§ **What the exercise asks**
Write out each record below exactly, but not the pictures.

§ **Provided material**

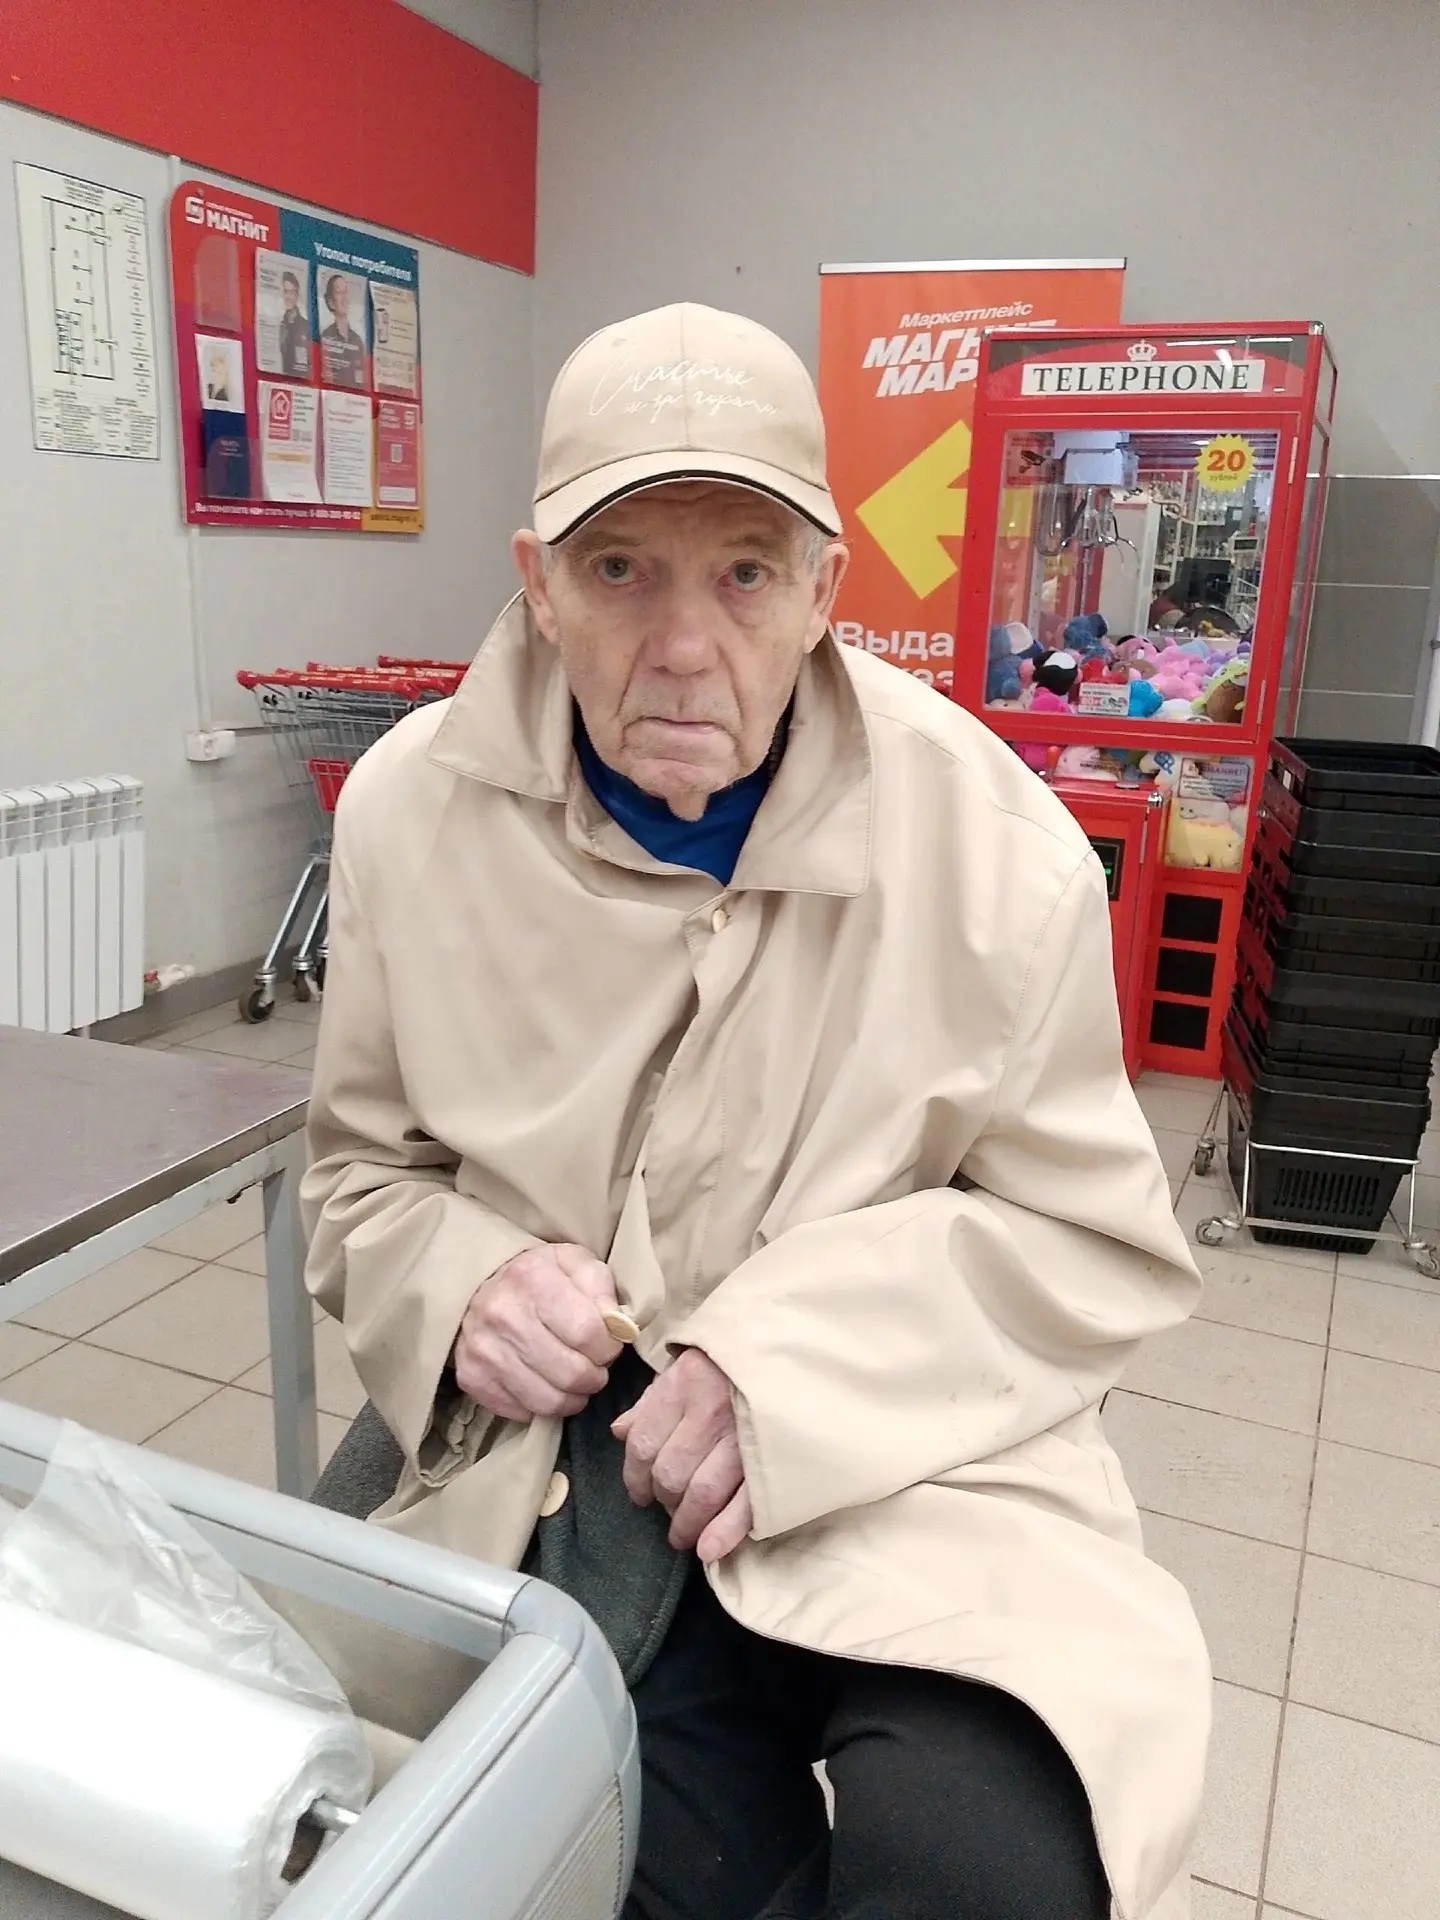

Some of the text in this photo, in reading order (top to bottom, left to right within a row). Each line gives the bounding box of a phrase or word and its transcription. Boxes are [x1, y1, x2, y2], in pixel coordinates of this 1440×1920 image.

[206, 209, 269, 242] МАГНИТ
[899, 301, 1033, 329] Маркетплейс
[875, 358, 979, 397] МАР
[1032, 364, 1250, 393] TELEPHONE
[1207, 449, 1246, 472] 20
[835, 621, 954, 661] Выда

§ **Response area**
Some of the text in this photo, in reading order (top to bottom, left to right within a row). Each line gives the bounding box of a phrase or word and its transcription. Boxes are [x1, y1, x2, y2], in pixel coordinates of this 1440×1920 image.

[206, 209, 269, 242] МАГНИТ
[899, 301, 1033, 329] Маркетплейс
[875, 358, 979, 397] МАР
[1032, 364, 1250, 393] TELEPHONE
[1207, 449, 1246, 472] 20
[835, 621, 954, 661] Выда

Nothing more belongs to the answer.